Foy's Pigeon Supplies Paratyphoid page:

http://www.foyspigeonsupplies.com/catalog/para_sal/index.html

Foy's Pigeon Supplies Canker page:

http://www.foyspigeonsupplies.com/catalog/canker/index.html

The 10% Enroxil is probably the best deal and the FishZole probably has the most for the money on the anti-canker. There are actually better anti-cankers but Metronidazole has a few extra uses.

Pidgey


----------



## bradygirl

I did buy some vitamins with calcium, but you have to add it to water, and he isn't drinking it..I don't know if the little bit that I am able to force him would have any benefit..I think that I might have brought it with me..So I can try to give him some.....


----------



## Guest

It's important to point out that if a bird is going to go onto any of the tetracyclines or Baytril, calcium can't be given. It binds with the drugs making them very ineffective. 
Calcium is being recommended because the legs gave out and by and large, that can be a good route to go but why did the legs collapse? Is it infection or injury? That's what was so confusing but now that there is an odor to the droppings, it's probably all due to infection. 
Bradygirl, there has been too much time wasted. Can you get Brady to a vet and insist on either a Doxycycline or Baytril injection? I know you said you don't have the money for an X-Ray. If you wait for the drugs to come in the mail, it may be too late. I don't think you have any choice other than getting Brady onto antibiotics by your vet. The shot lasts for one week so that would give you time to get the antibiotic through the mail in time to administer doses 7 days after the injection. Antibiotics given orally are usually administered every 12 hours. If you want, you could ask for expedited shipping although that adds a lot to the cost.
Do you have the funds for also getting a gram stain done to test for yeast?

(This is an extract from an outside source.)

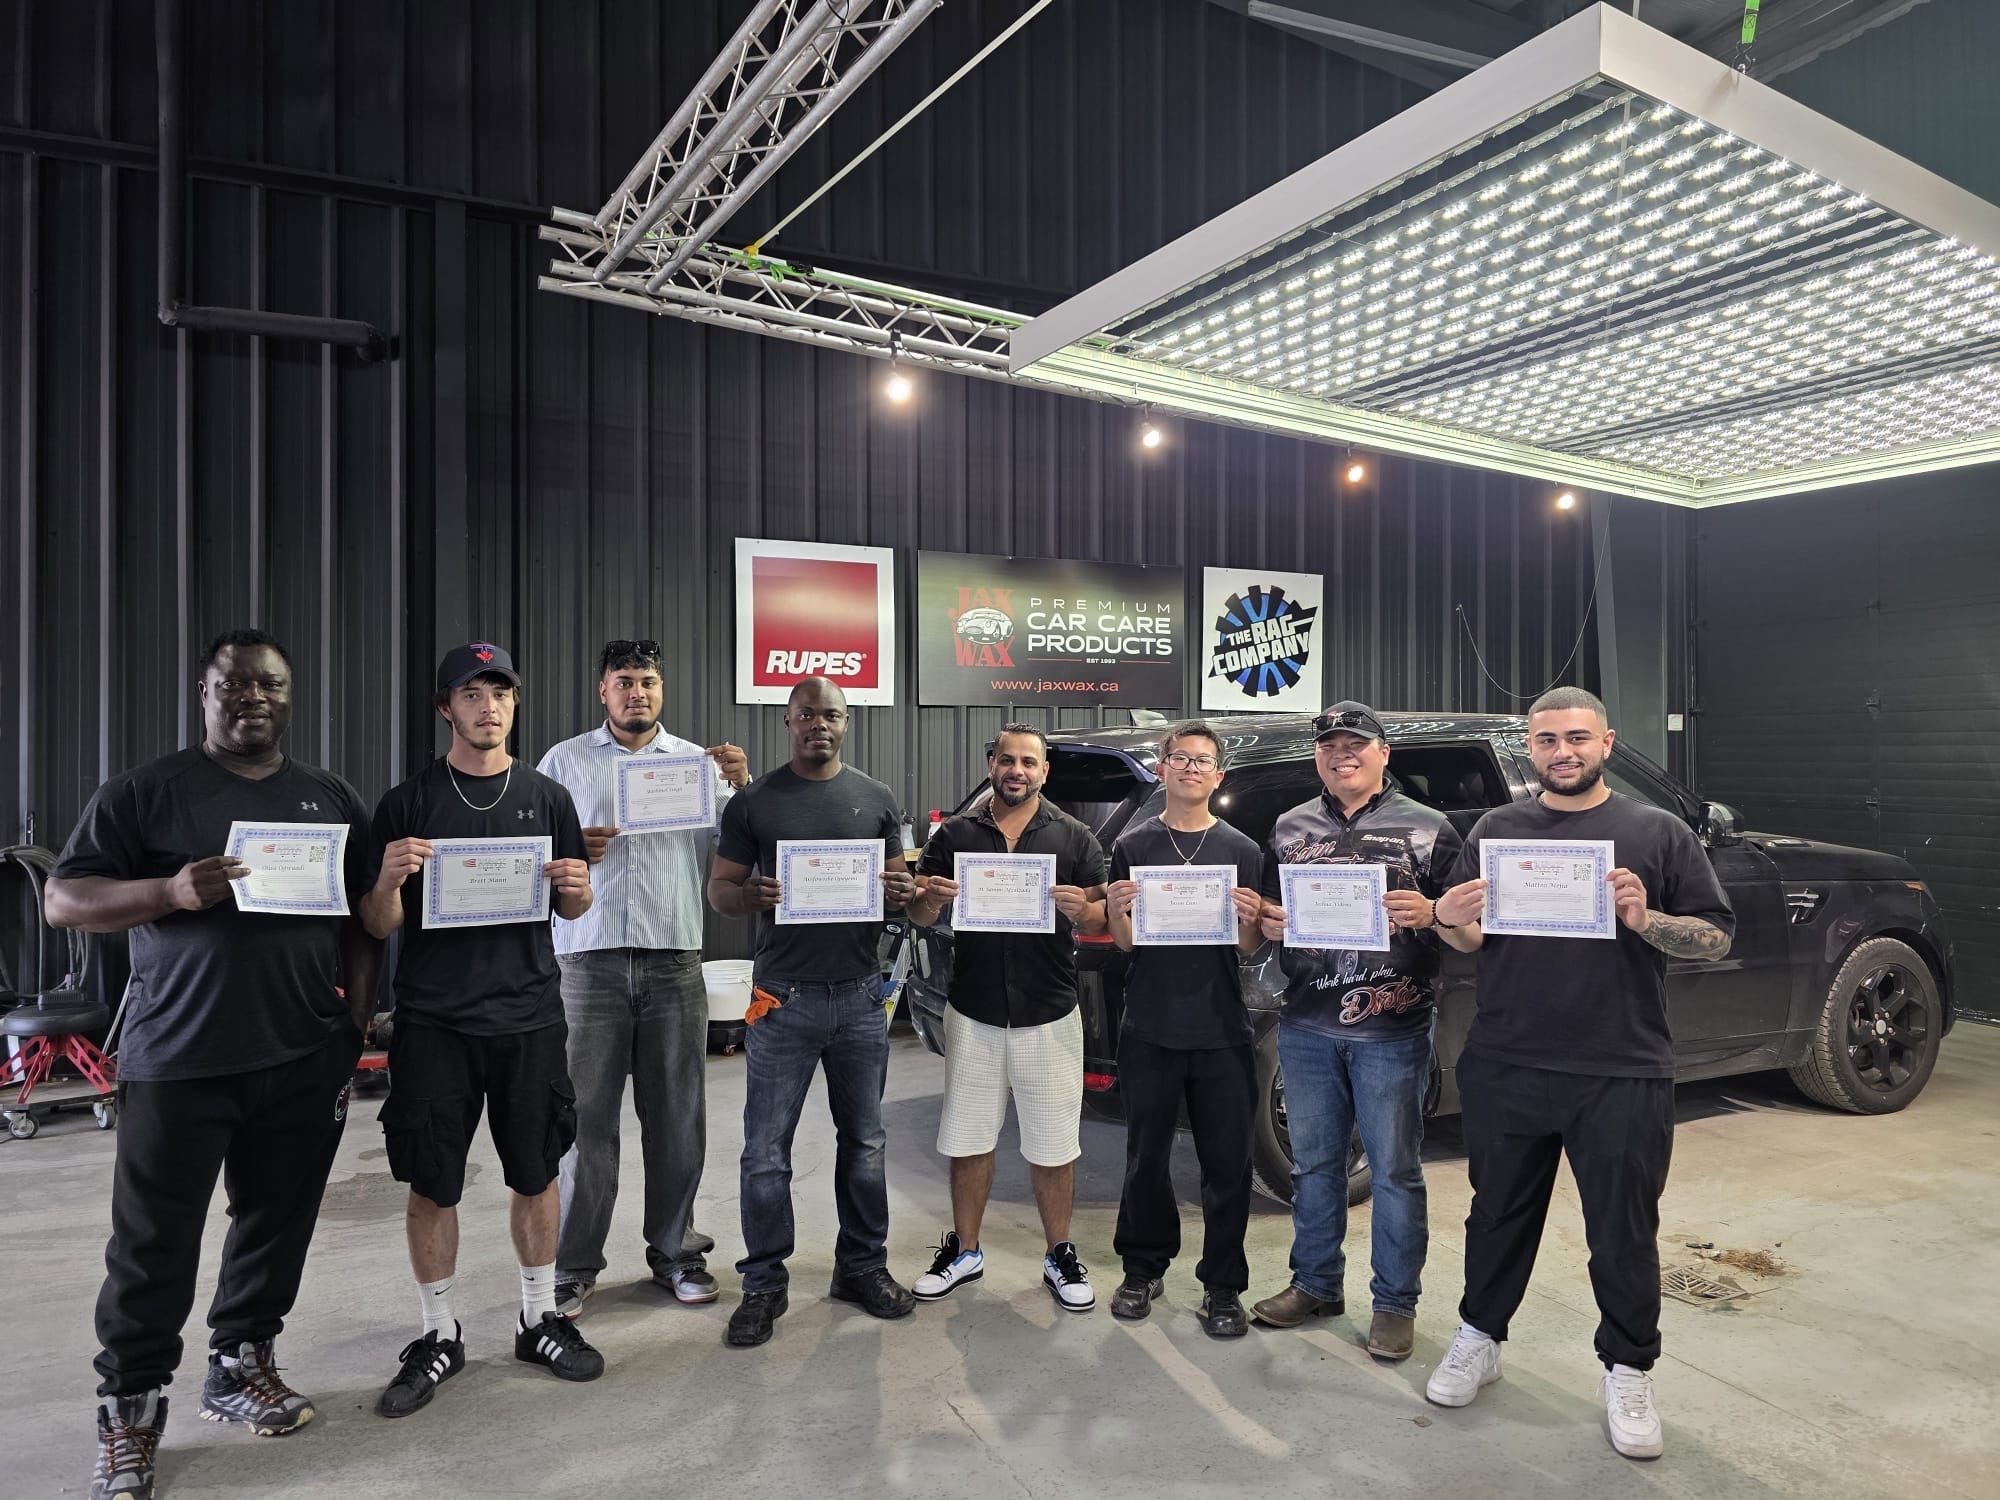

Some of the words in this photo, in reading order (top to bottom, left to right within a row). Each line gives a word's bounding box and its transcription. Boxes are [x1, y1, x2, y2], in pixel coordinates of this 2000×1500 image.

Malodorous droppings can come from bacterial or yeast.


----------



## Whitefeather

bradygirl said:


> *I did buy some vitamins with calcium, but you have to add it to water, and he isn't drinking it..
> I don't know if the little bit that I am able to force him would have any benefit*..I think that I might have brought it with me..So I can try to give him some.....


Hi Bonnie,
At this point, any amount of fliuds you are able to get into him will be of benefit.  

A slow, but safe method of getting fluids into him, if you aren't comfortable tubing him, is to use an eye dropper. Place a couple drops at a time of the liquid along side his beak. It will drizzle down his throat. *Don't squirt* any fluids directly down his throat.

Cindy


----------



## bradygirl

I talked to the vet and he seems to think that it is a mute point, and probably needs to be put down...I told him I was going to think about it and bring him over later....I can tell him to give the meds, But truthfully I respect all of you.. what are the odds that he will be able to function if he recovers from this...It is horrible watching him all of a sudden start flailing around, or make an attempt to eat but not be able to because he falls face forwrd into it... I love him so much..I have been crying all day...I don't want him to suffer if he is going to live, but still be unable to walk ect... his one leg is so far out in front of him I wonder how that would ever get fixed.... I don't want to put him to sleep if I don't have to, but I also don't want him to have to live like this.... I have been giving him drinks of water and feeding him some seeds...I had someone else tell me that it could be PMV....and that it could take weeks fro him to recover if at all...what are your thoughts..I am supposed to take him over around 5pm EST..so I really need to think this thru alot....any thoughts or feelings from the heart would really be greatly appreciated. I am really new to having birds, but I can tell you the pain of watching him like this is like my own child being sick...


----------



## Pidgey

Sounds like the bird I was talking about. The longer he goes without the meds, the worse the brain damage gets. The worse the brain damage gets, the more function he won't recover. Is there anyway to know how far it's gone and how much he'd get back? There isn't a person on this earth that can answer that question. We can only say that the longer it goes, the worse it gets.

Pidgey


----------



## Guest

I can only talk to you from my viewpoint and it may not be the same viewpoint that others have but here goes:

I don't believe in putting a bird to sleep unless there is no question that the suffering will continue unabated. If there is any chance that he can recover, I'll grab it.

Your bird is probably ill from a bacterial infection and if that's true, nothing has been done to stop it. His legs collapsed and infection will do that. If the legs collapsed, how else is he going to move unless he flaps his wings in an attempt to get up? That's not PMV. It's struggling. He's dehydrated and nothing is being done to get fluids down him.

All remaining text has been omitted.